新規就農者 (2)

 私の住んでいる茨城県の県北地域にも、2−30代の若者や定年帰農した新規就農が増えています。そんな新規就農した(予定している)彼らに会い、話すと面白い共通点があるのに気づかされます。
 「就農地が決まる前に農場名がある。ブログ、ホームページを立ち上げて自分の思い描く農業を都会の仲間に発信している(を予定している)、妻または彼女がいる(夫または彼氏とも言えますが)、そして殆ど農業技術や農業の体験が無い」
 身体で覚える農業技術の前に頭で考えた理想の農業があり、農業生産物の前に販売方法があり、農村の前に「消費者」と言う都会の仲間がいて、、、、。

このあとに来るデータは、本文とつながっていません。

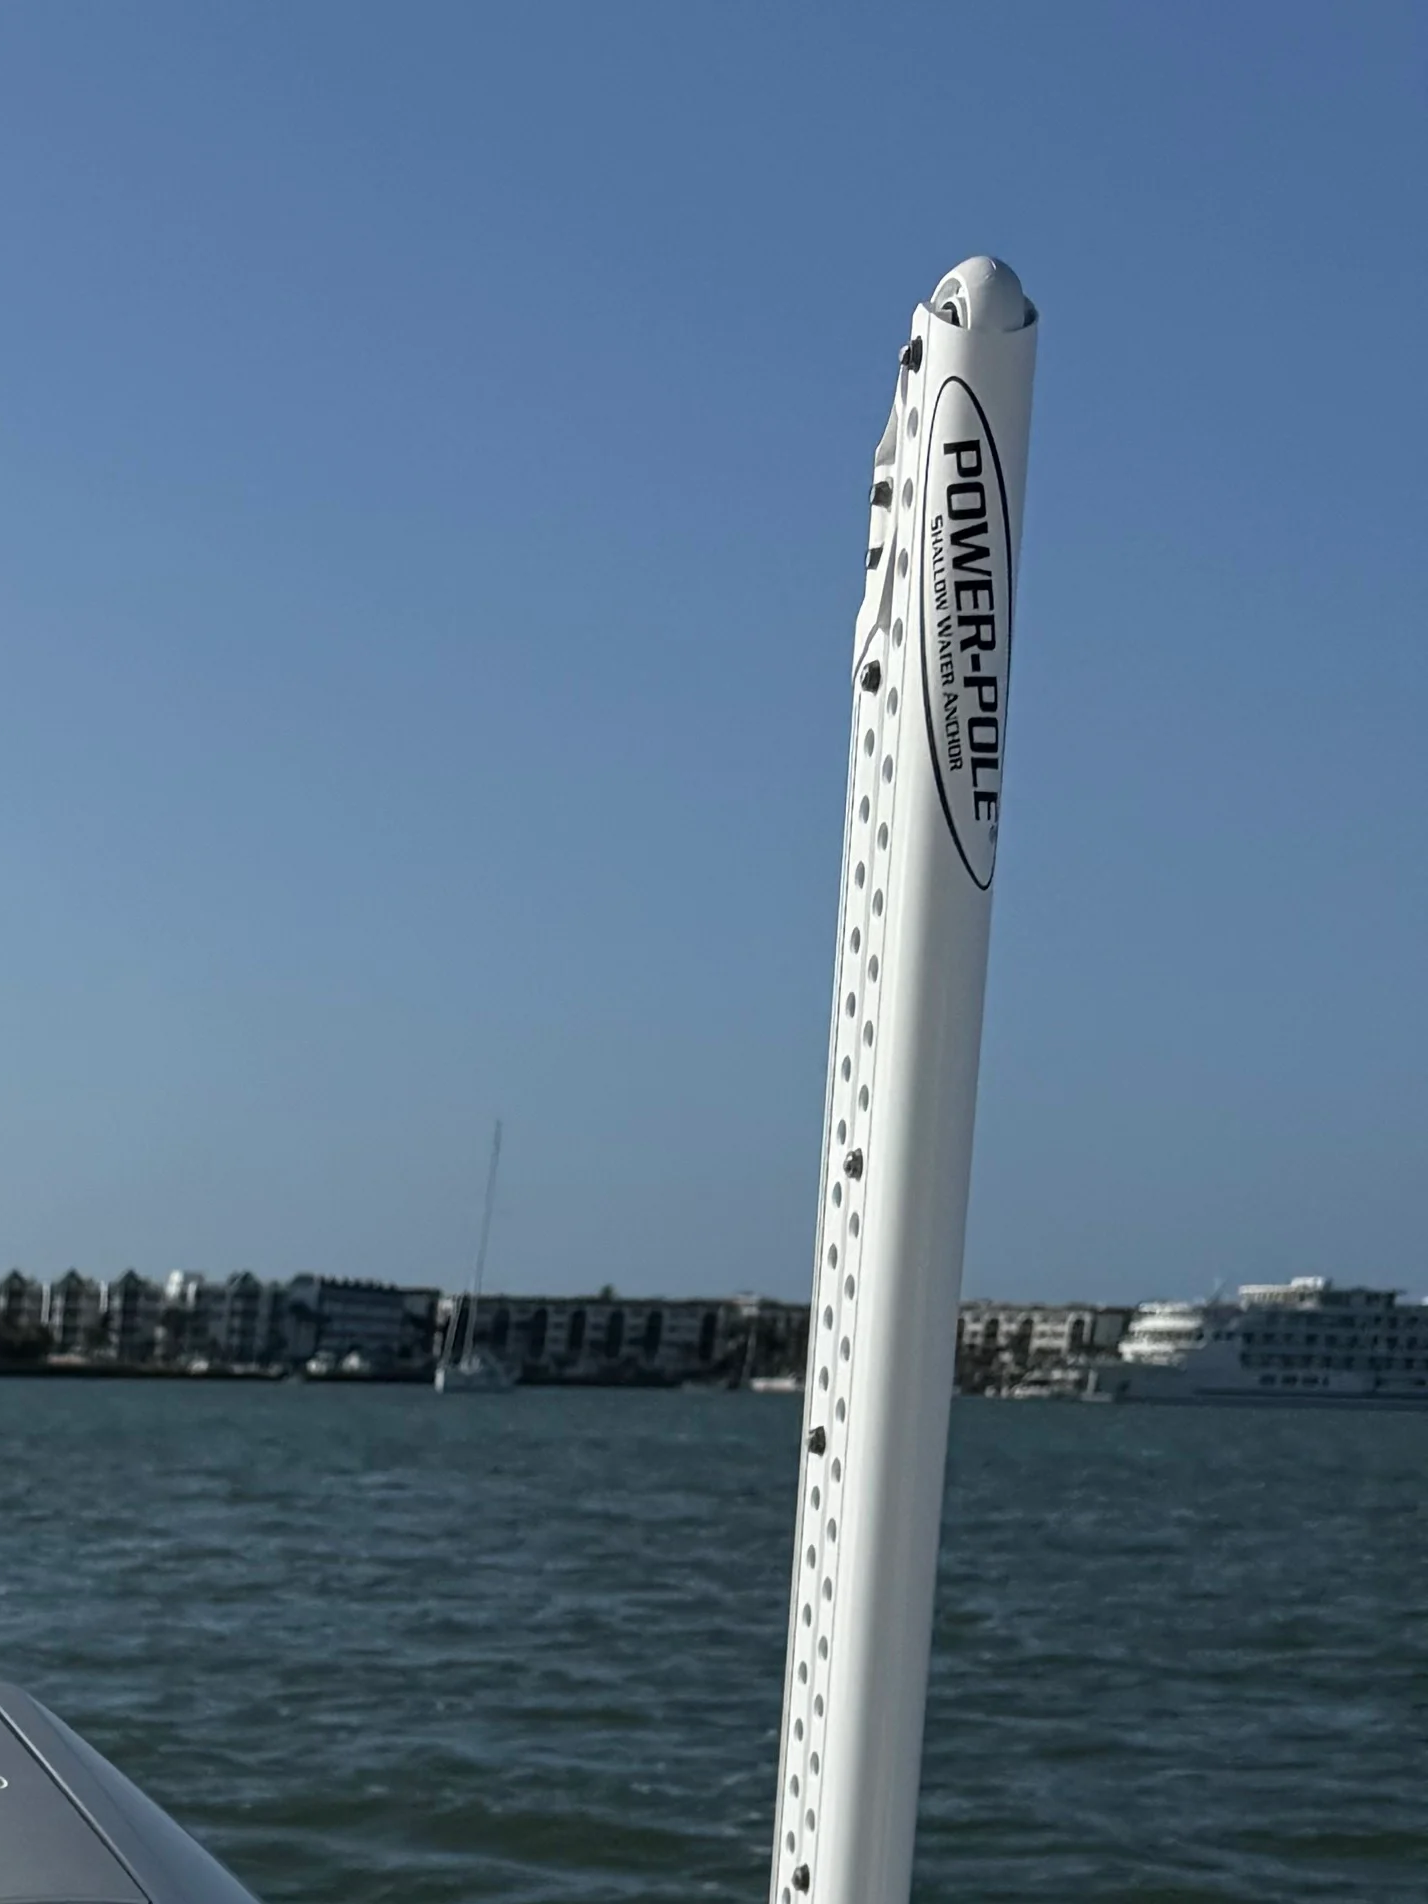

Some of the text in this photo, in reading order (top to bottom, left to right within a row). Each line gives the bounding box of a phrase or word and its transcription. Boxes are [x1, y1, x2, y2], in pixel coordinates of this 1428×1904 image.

[930, 513, 950, 611] SHALLOW
[942, 689, 964, 773] ANCHOR
[943, 437, 1000, 822] POWER-POLE
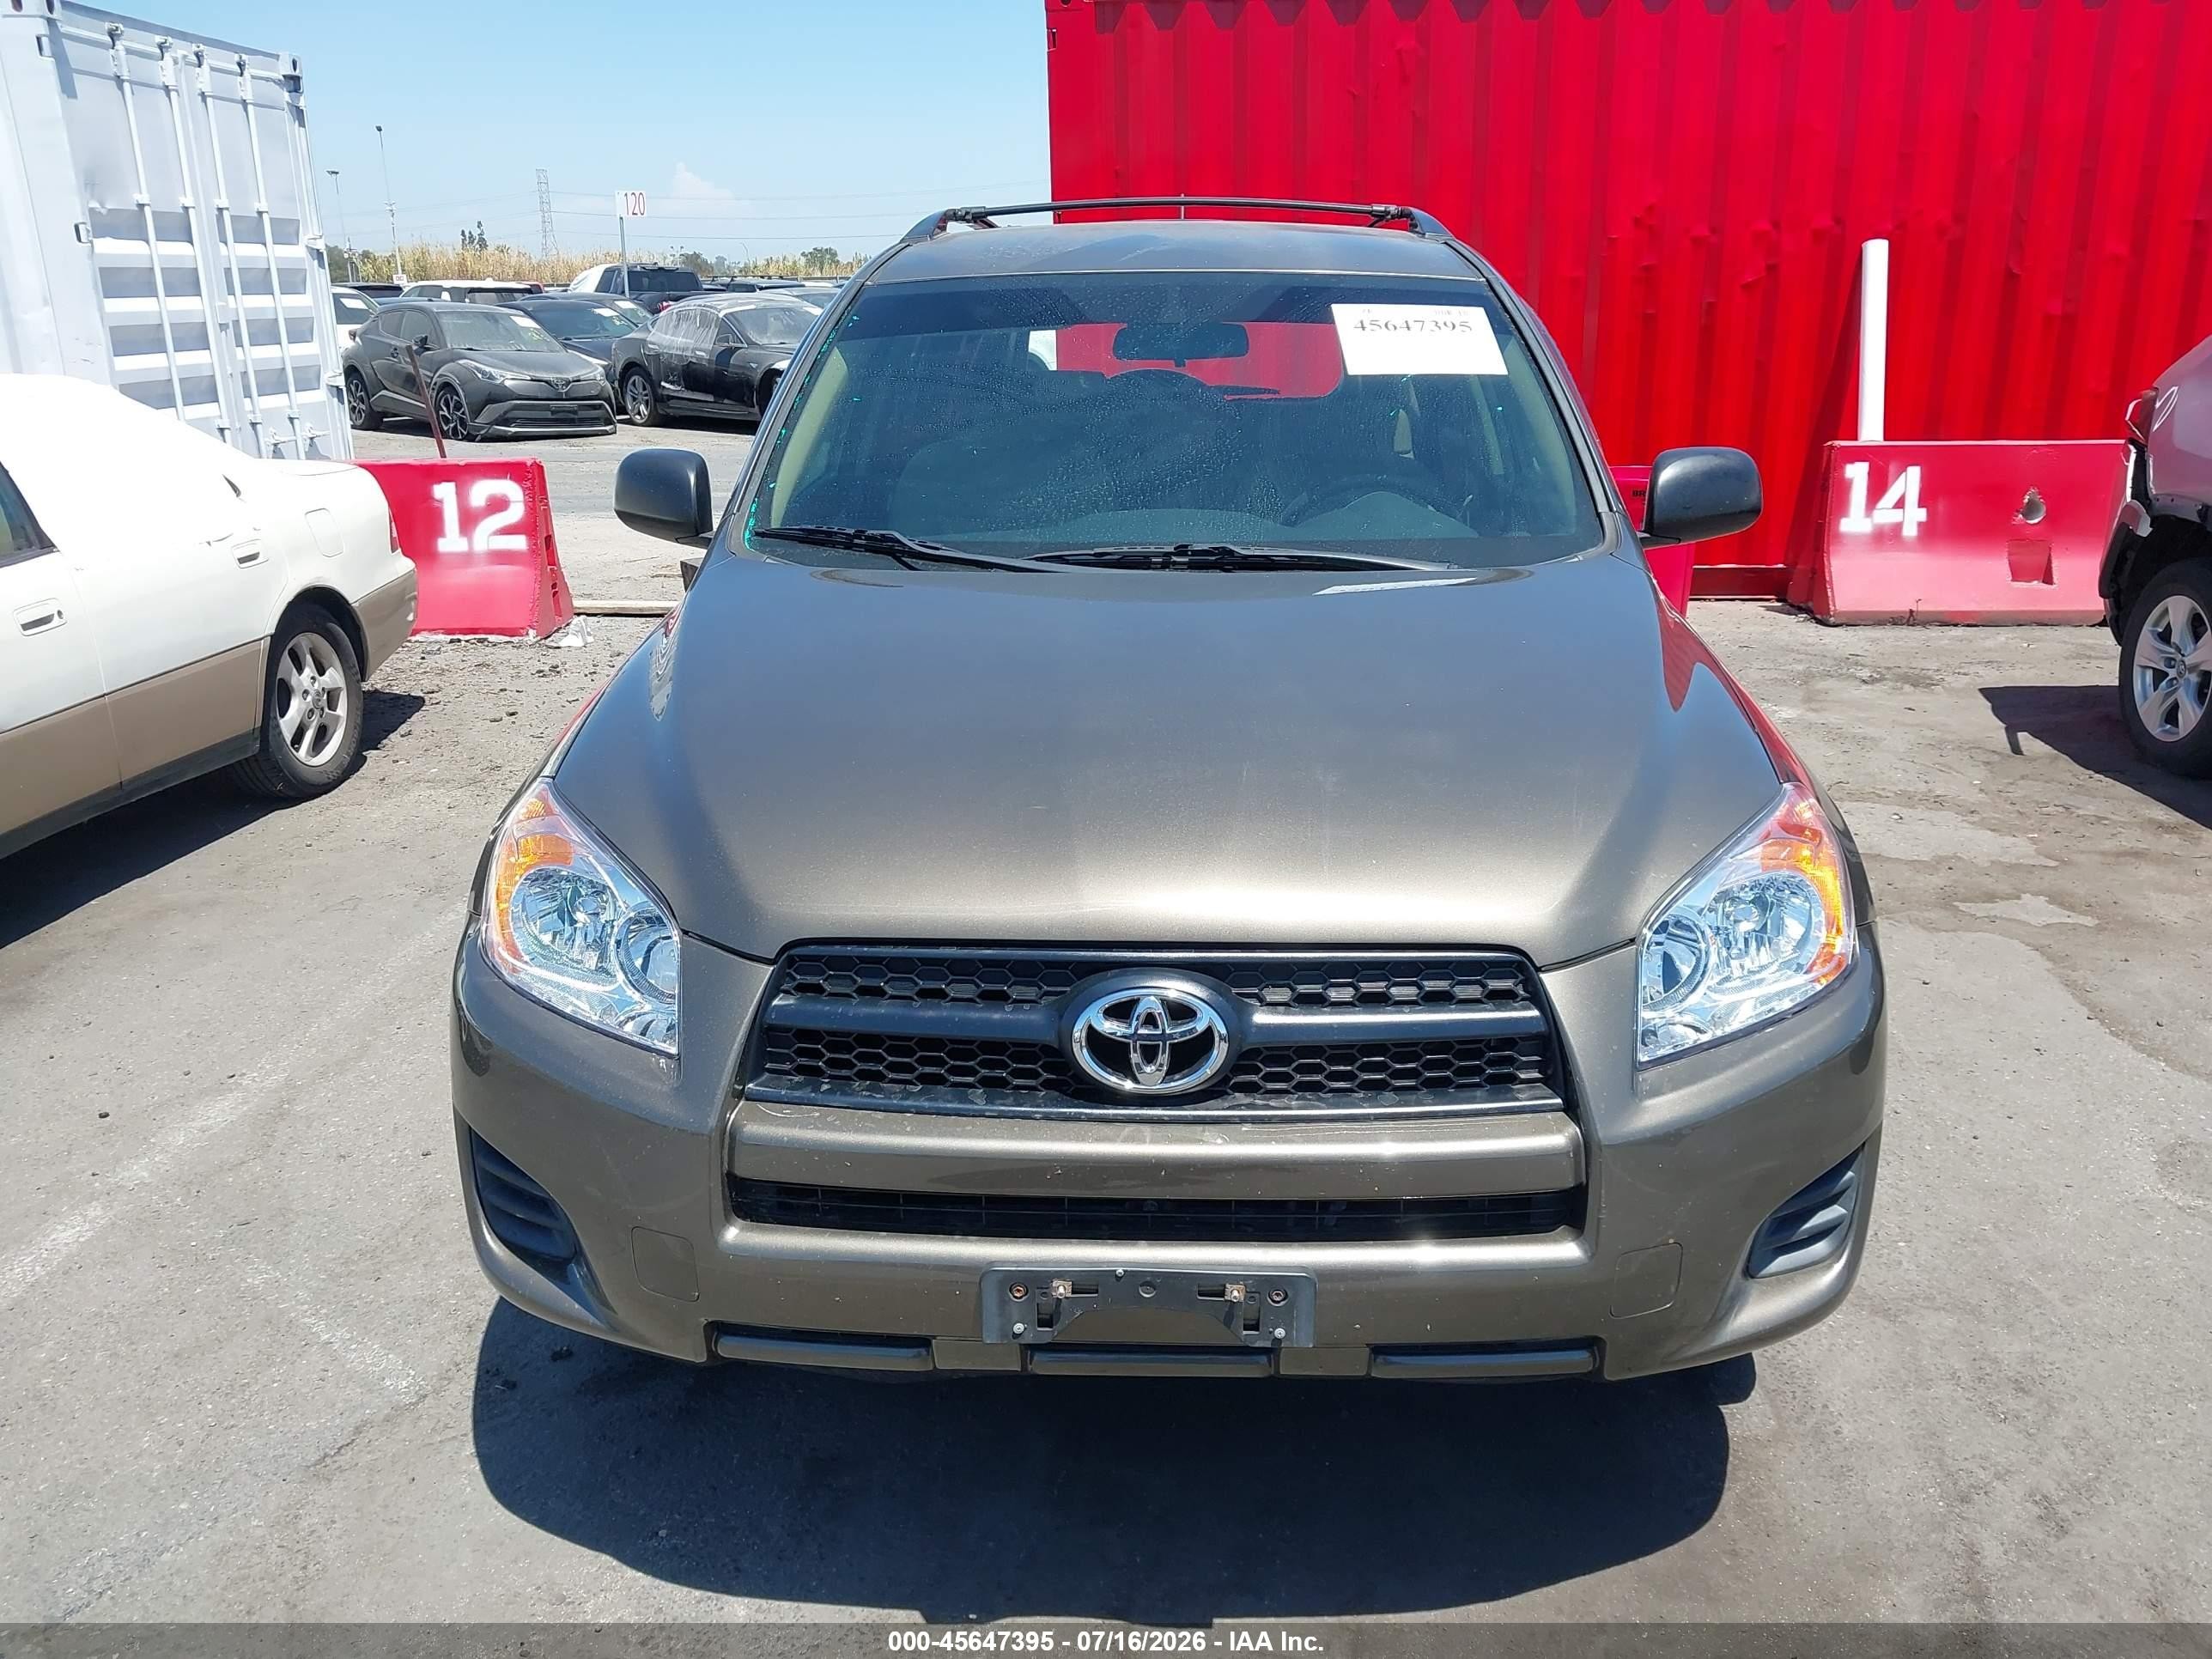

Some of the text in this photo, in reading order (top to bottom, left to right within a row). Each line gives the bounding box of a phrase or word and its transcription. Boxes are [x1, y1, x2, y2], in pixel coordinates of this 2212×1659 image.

[624, 191, 646, 216] 120
[1353, 319, 1473, 333] 45647395
[432, 478, 528, 553] 12
[1838, 461, 1928, 537] 14
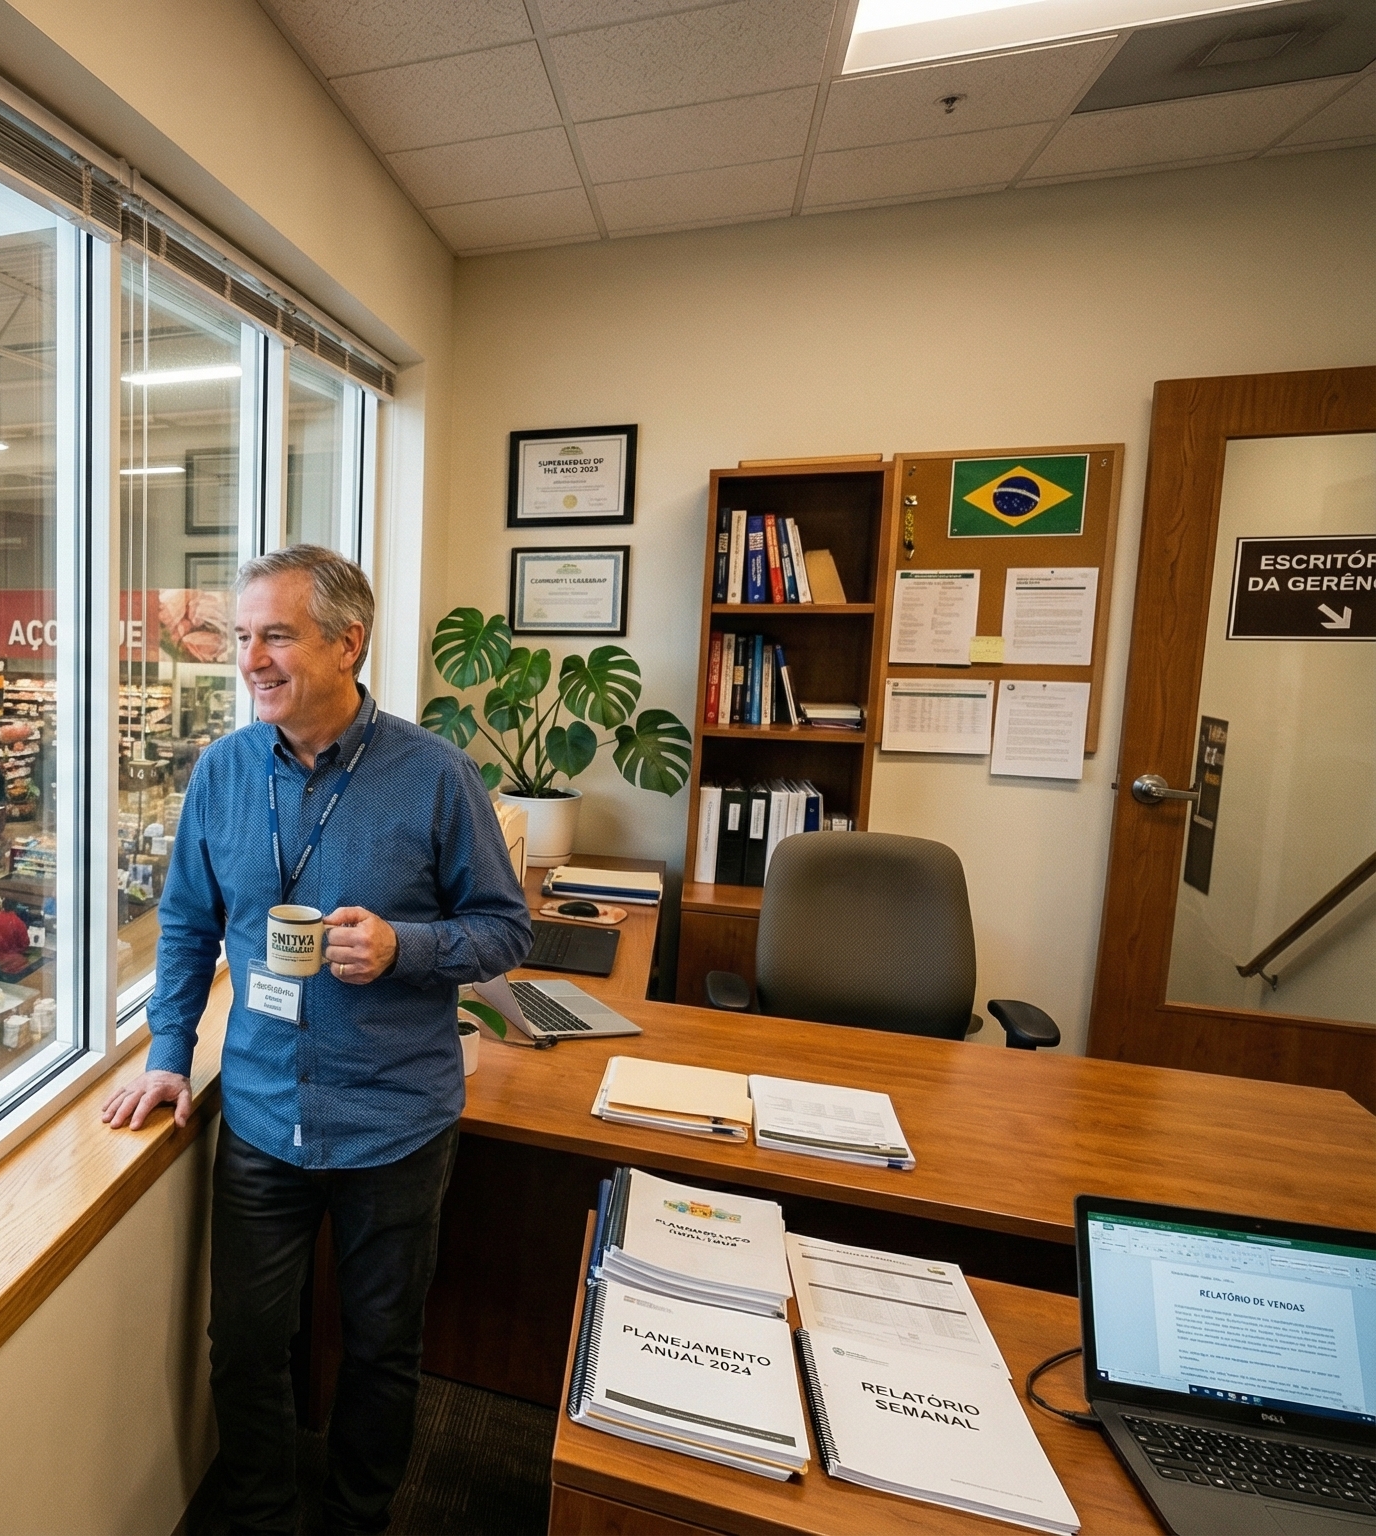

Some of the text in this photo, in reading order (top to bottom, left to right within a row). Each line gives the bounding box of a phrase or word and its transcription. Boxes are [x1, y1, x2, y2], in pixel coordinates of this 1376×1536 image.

[579, 465, 599, 473] 2023
[1247, 572, 1376, 592] DA GERÊN
[1199, 1289, 1306, 1312] RELATÓRIO DE VENDAS
[622, 1324, 771, 1367] PLANEJAMENTO
[640, 1343, 752, 1376] ANUAL 2024
[861, 1381, 980, 1416] RELATÓRIO
[875, 1399, 980, 1431] SEMANAL

 マスコミは「見習い」の新規就農者を農村の変革者のように取り上げて、農法の変わっている事に(農業技術の基礎が出来ていないとも言えます)拍手喝采をして、行政は荒れた農地を何とか新規就農者に押しつけようと、農業の右も左も分からない新規就農者に莫大な借金を背負わせ、消費者は自分の身体で野菜を味わう事を忘れ、言葉で、頭で「人気の」野菜を食べようとしています。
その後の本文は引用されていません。